## [Assigned task]
Leaving out all images, return the entries below exactly.

## [Records to use]
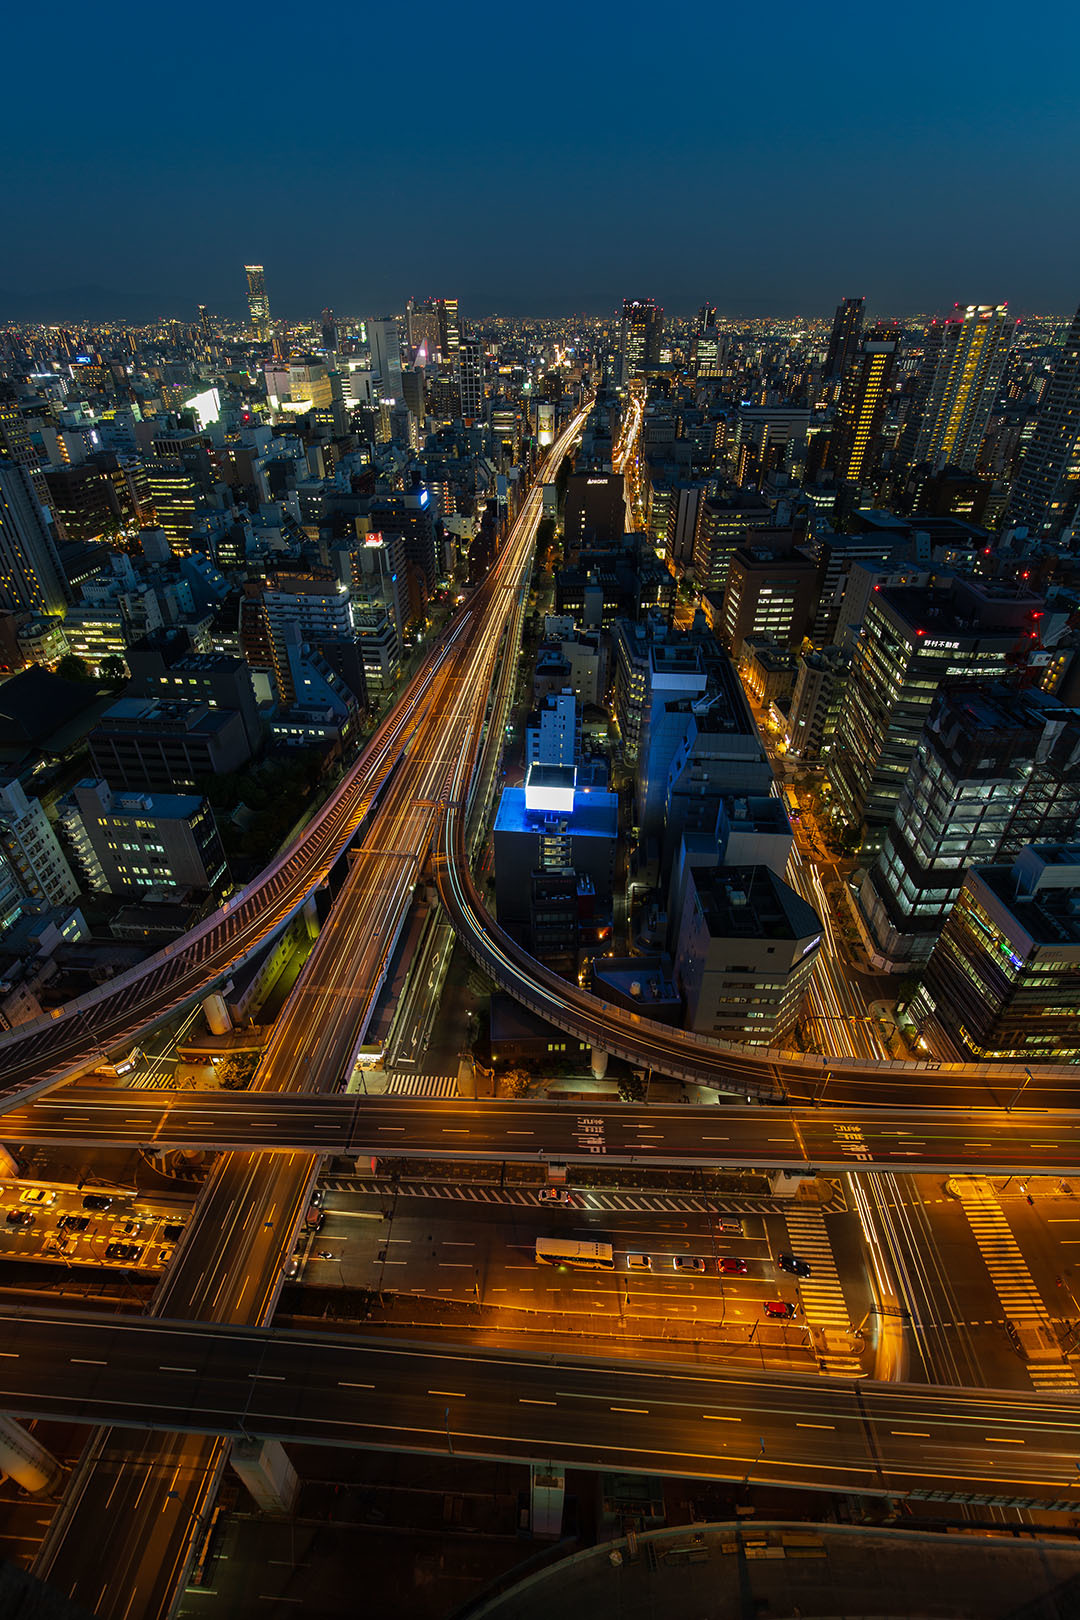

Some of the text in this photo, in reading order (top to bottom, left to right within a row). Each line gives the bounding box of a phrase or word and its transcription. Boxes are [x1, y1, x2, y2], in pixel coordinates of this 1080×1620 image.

[923, 639, 960, 649] 野村不動産
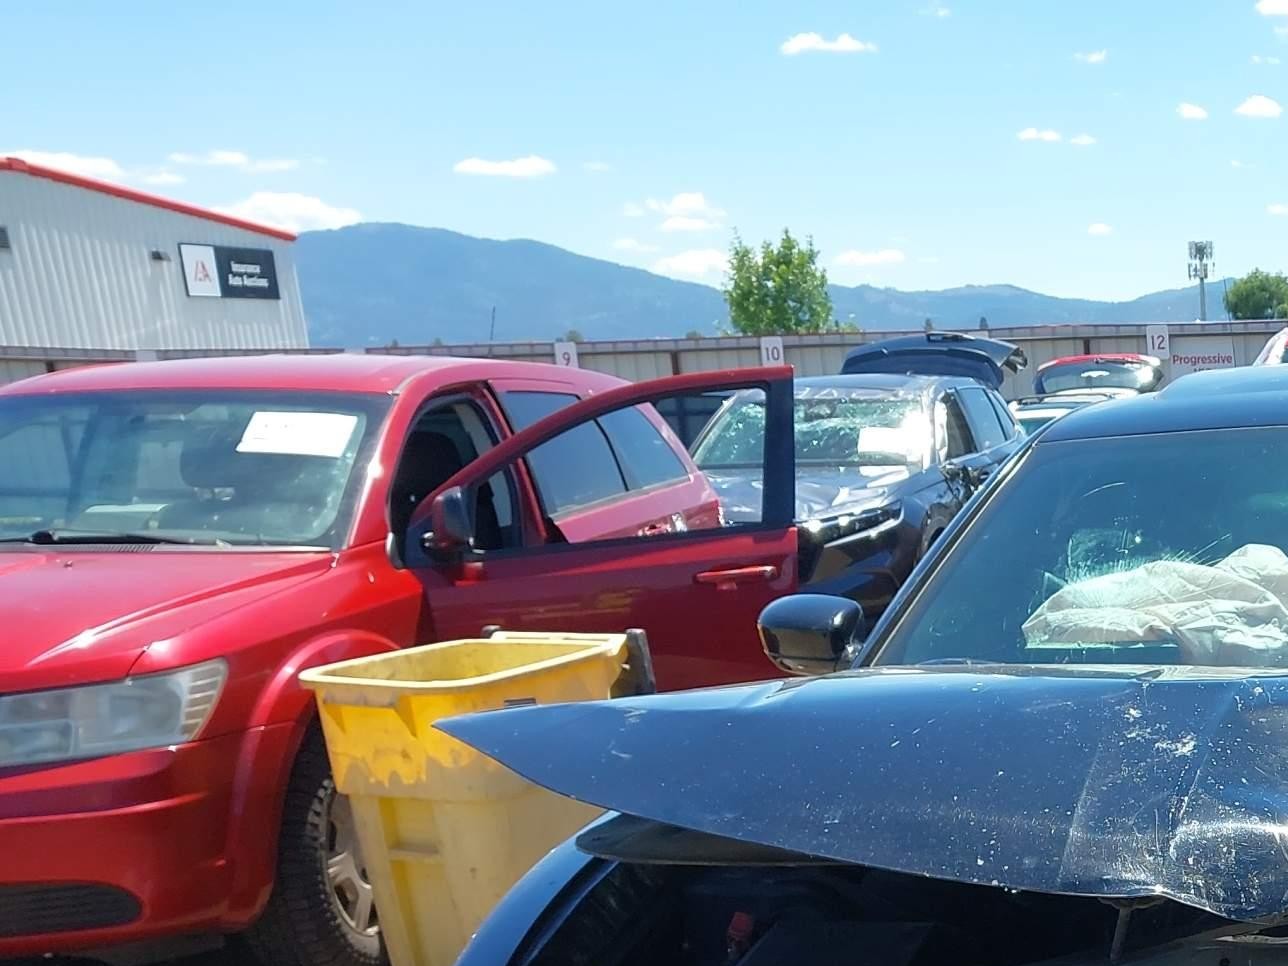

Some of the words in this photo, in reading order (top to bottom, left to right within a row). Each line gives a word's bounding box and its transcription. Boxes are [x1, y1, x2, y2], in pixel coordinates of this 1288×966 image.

[1151, 334, 1166, 350] 12
[562, 351, 571, 367] 9
[765, 346, 780, 361] 10
[1172, 353, 1233, 366] Progressive
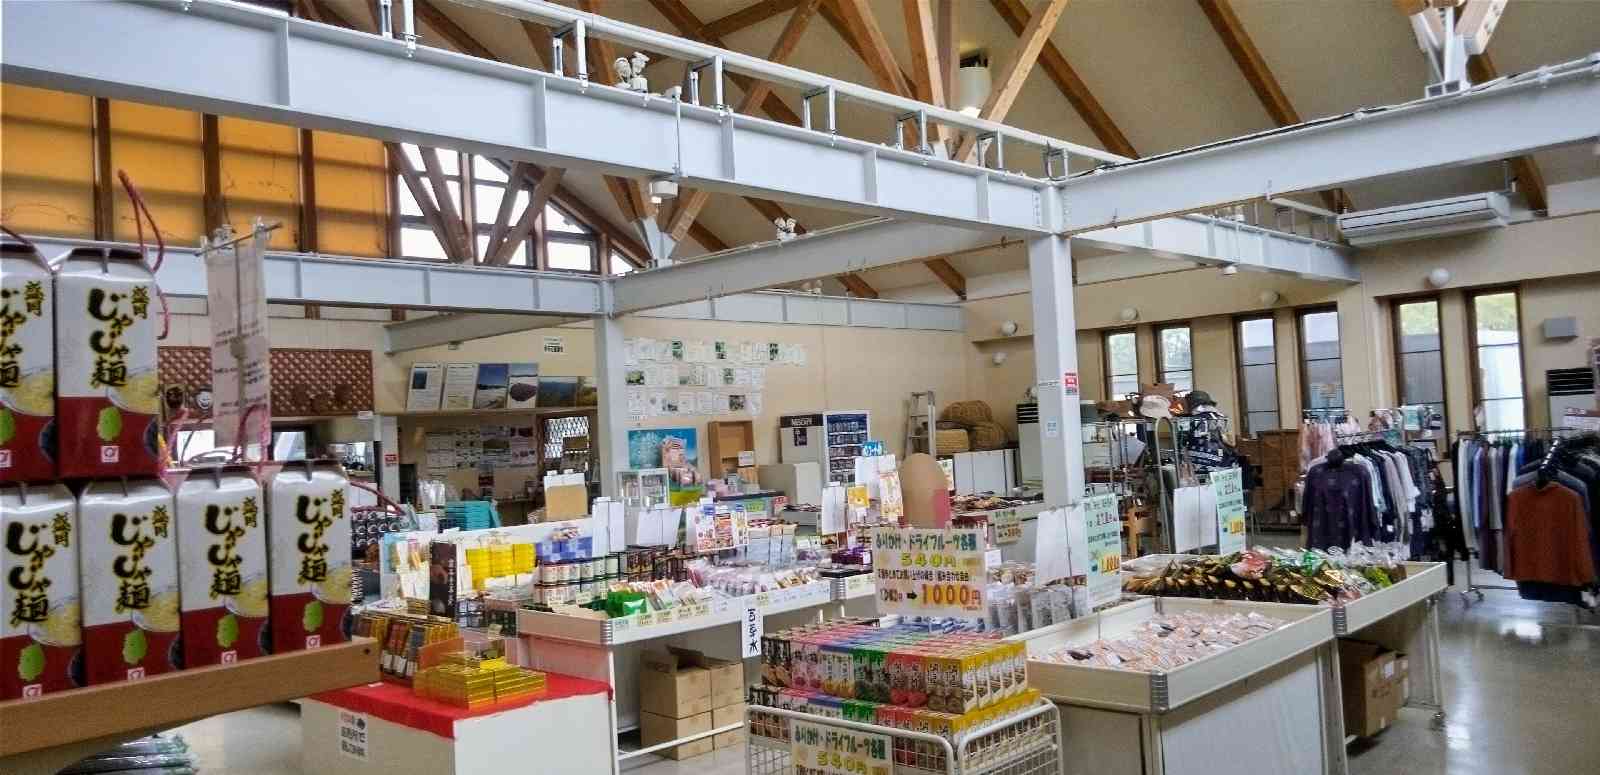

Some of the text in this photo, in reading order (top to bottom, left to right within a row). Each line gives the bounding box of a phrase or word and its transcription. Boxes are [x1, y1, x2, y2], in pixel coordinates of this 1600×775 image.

[88, 288, 133, 388] じゃじゃ麺
[6, 521, 55, 627] じゃじゃ麺
[111, 513, 154, 613] じゃじゃ麺
[205, 505, 245, 597] じゃじゃ麺
[297, 495, 332, 584] じゃじゃ麺
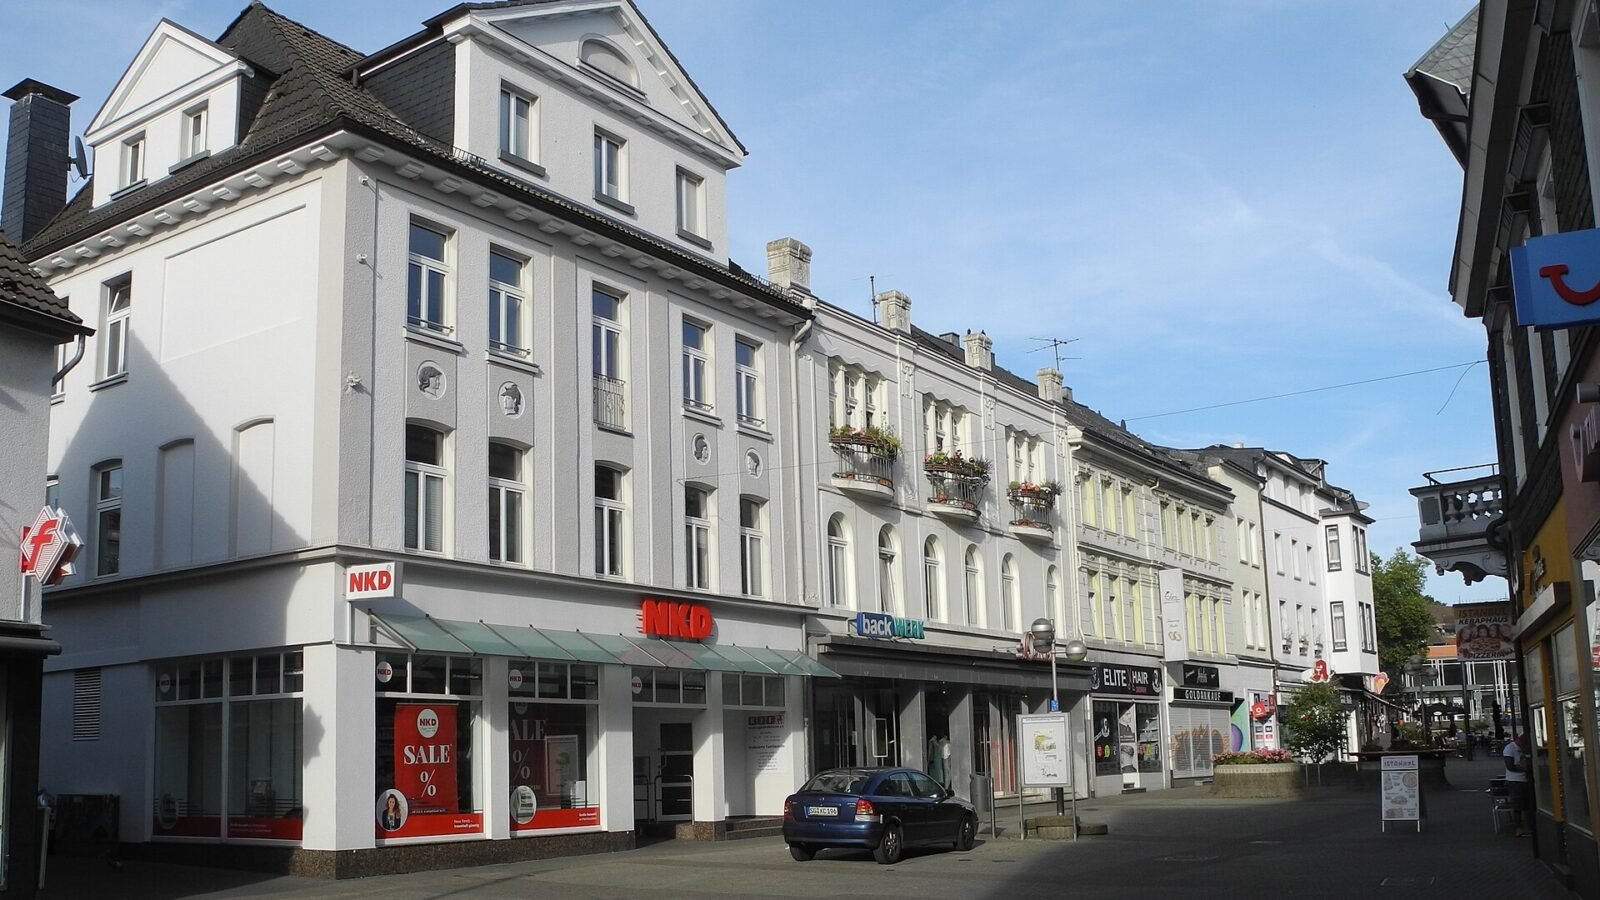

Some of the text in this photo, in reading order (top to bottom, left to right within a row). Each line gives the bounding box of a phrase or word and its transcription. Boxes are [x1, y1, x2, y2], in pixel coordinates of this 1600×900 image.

[349, 570, 392, 593] NKD
[641, 597, 714, 639] NKD
[1459, 616, 1508, 625] KEBAPHAUS
[377, 668, 392, 676] NKD
[1103, 668, 1149, 687] ELITE HAIR
[1184, 689, 1221, 701] GOLDANKAUF
[419, 718, 437, 726] NKD
[420, 769, 437, 798] %
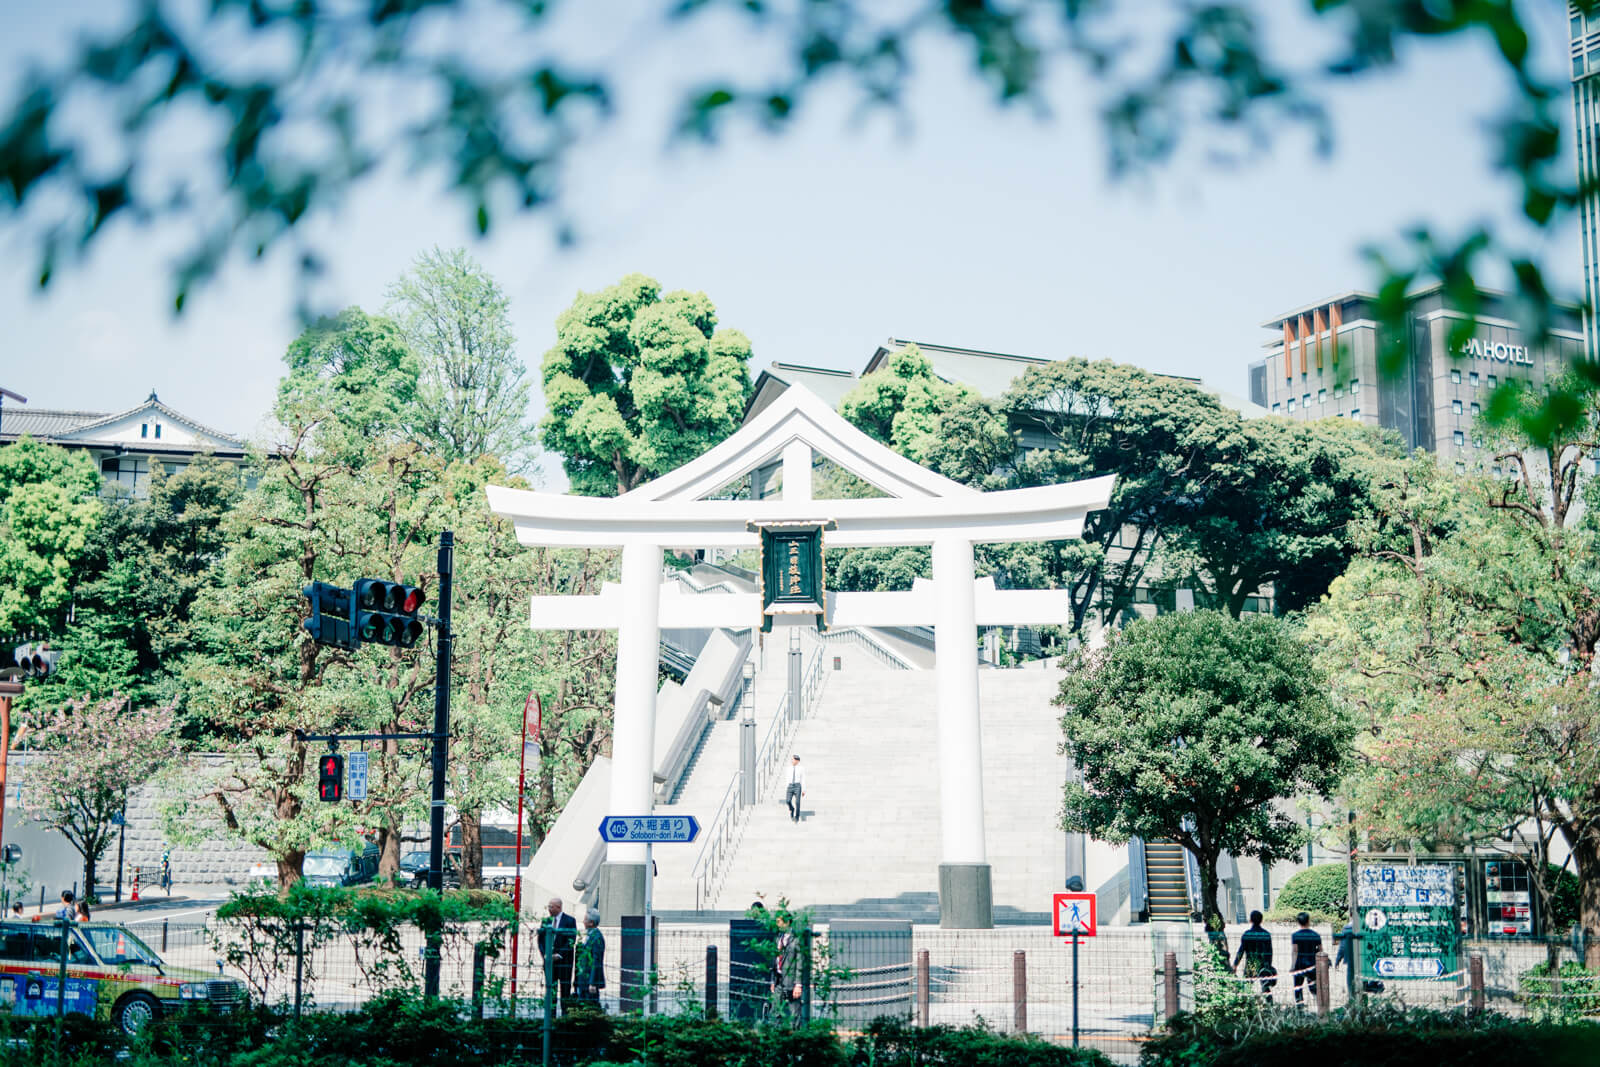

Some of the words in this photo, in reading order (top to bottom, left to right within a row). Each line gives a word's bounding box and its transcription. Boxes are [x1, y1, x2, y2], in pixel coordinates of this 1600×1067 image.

## [Task answer]
Some of the text in this photo, in reading order (top to bottom, left to right within a row). Each line gives the bounding box of a phrase or word and its transcription. Boxes are [x1, y1, x2, y2], in pixel coordinates of this 1080×1620 image.

[923, 639, 960, 649] 野村不動産

Some of the words in this photo, in reading order (top to bottom, left to right within a row). Each line gives a word's bounding box and its transcription. Boxes are [x1, y1, x2, y2], in pixel coordinates of this 1288×966 image.

[1151, 334, 1166, 350] 12
[562, 351, 571, 367] 9
[765, 346, 780, 361] 10
[1172, 353, 1233, 366] Progressive

Some of the text in this photo, in reading order (top to bottom, left to right within a row). Each line gives the bounding box of a phrase or word and its transcription. Boxes are [x1, y1, x2, y2], in pixel coordinates of this 1600×775 image.

[88, 288, 133, 388] じゃじゃ麺
[6, 521, 55, 627] じゃじゃ麺
[111, 513, 154, 613] じゃじゃ麺
[205, 505, 245, 597] じゃじゃ麺
[297, 495, 332, 584] じゃじゃ麺

Some of the text in this photo, in reading order (top to bottom, left to right within a row). Each line gives the bounding box of a phrase or word and its transcription. Boxes are [x1, y1, x2, y2], in pixel coordinates of this 1600×900 image.

[349, 570, 392, 593] NKD
[641, 597, 714, 639] NKD
[1459, 616, 1508, 625] KEBAPHAUS
[377, 668, 392, 676] NKD
[1103, 668, 1149, 687] ELITE HAIR
[1184, 689, 1221, 701] GOLDANKAUF
[419, 718, 437, 726] NKD
[420, 769, 437, 798] %

Some of the words in this photo, in reading order (top to bottom, left to right within a row). Each line gives a word's bounding box and its transcription. Boxes are [x1, y1, x2, y2], in pixel coordinates of this 1600×1067 image.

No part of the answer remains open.